Movie Review: “Beyond Outrage”

ImageThere’s a sound Japanese men make that Westerners typically only experience in the movies, a guttural, testosterone-charged bellow meant to chastise, intimidate and terrorize. It’s the pitch the camp guard uses on Allied prisoners of war, the one we hear when samurai trash talk each other before drawing swords or when yakuza — the Japanese mafia — are threatening beatings, finger-whackings or worse.

And it’s served up with feeling in “Beyond Outrage,” a convoluted, complex and very entertaining gangster picture from writer/director/actor Takeshi “Beat” Kitano. It’s a sequel to his earlier film, “Outrage,” but a genre sequel so solidly built that you don’t need to have seen the first film to get into this one.

A cop has been killed, and in a blast of exposition packed in the opening minutes, we hear of mob links to government corruption, old mob feuds that remain unsettled and a powerful Sanno family that runs the show.

Heaven help the land of the Rising Sun, because the only cops assigned to this murder are the always-a-day-late Shigeta (Yutaka Matsushige) and his corrupt partner, Kataoka (Fumiyo Kohinata). The cozy-with-the-crooks Kataoka pleads “Can’t we cooperate, like old times?” to the Shanno boss, Kato (Tomokazu Miura). But the boss and his hothead lieutenants dismiss him.

Yamamoto, the dead detective, “got too inquisitive” is all they’ll say.

What follows is a fascinating game of “Let’s you and him fight” where Kataoka tries to set up rivals to take down the Sannos, finagling this mob underling or that one to seek an alliance with the Hanabishi clan against the Sannos.

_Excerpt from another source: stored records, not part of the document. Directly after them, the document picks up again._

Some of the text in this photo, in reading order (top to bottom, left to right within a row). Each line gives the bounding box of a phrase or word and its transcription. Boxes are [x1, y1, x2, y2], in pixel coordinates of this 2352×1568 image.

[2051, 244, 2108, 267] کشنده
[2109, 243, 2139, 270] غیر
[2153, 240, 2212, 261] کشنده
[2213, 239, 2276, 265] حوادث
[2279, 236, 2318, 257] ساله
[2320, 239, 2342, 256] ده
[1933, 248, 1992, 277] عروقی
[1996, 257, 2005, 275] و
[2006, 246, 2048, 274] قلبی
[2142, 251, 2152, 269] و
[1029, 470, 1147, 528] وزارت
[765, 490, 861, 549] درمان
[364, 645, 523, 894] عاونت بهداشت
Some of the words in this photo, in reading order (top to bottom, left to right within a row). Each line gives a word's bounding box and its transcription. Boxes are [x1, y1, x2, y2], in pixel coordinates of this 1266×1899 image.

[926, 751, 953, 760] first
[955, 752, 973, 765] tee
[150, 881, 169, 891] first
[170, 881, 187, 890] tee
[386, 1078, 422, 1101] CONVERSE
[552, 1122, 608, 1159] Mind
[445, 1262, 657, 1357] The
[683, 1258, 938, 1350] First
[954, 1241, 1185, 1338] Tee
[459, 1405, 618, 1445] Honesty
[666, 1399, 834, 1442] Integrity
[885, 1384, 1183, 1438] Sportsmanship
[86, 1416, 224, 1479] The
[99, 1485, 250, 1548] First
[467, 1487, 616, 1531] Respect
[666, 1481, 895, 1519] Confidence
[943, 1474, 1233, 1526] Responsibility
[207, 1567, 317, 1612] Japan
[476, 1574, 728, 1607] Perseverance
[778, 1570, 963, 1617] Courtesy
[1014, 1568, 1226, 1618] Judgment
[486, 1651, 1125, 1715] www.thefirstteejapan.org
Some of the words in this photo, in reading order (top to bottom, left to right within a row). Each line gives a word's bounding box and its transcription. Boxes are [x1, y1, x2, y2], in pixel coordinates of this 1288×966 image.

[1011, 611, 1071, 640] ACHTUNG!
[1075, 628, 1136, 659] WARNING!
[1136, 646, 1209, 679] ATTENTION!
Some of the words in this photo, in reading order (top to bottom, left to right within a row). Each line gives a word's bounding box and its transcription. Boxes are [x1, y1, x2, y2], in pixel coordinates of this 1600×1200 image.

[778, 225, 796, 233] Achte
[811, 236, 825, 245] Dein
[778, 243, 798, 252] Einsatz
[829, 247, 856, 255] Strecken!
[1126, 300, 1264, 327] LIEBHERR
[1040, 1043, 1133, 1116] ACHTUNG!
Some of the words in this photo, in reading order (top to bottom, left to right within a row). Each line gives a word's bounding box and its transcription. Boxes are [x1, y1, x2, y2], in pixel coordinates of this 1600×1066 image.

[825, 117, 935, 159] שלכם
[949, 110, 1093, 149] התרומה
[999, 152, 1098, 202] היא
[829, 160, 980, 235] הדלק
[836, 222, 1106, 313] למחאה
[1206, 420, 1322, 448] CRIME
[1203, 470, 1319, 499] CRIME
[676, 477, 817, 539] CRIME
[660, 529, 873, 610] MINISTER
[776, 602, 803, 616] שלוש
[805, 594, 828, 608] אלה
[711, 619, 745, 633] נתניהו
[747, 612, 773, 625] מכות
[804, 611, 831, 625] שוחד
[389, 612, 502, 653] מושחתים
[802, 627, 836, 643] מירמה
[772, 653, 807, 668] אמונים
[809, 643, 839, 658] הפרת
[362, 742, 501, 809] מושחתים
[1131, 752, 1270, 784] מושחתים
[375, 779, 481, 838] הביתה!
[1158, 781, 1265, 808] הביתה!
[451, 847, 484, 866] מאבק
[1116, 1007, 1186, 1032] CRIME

Mobsters plot and die, others shake in their boots for fear of discovery.

Kitano, probably best known in the U.S. for his take on the legendary blind swordsman Zatoichi a decade ago, slowly weaves a web of dread into the story as we wonder just how deep the corruption reaches, whom to trust and whom to root for. And then we meet Kitano’s character, Otomo, an aged mobster doing time in prison, his death faked by the authorities. Kataoka charms and strong-arms the bullish Otomo into seeking revenge on the mobsters who put him inside and arranges his early release.

Kitano gave himself the chewiest character, which throws the film out of balance. With all the treachery, betrayals, mob hits and executions, all the palace intrigue within the various yakuza gangs, the cops get lost in the background. And only Otomo, and his equally-scarred brother yakuza, Nimura (Hideo Nakano) seem capable of anything noble in this world of ritual, hierarchy and backstabbing.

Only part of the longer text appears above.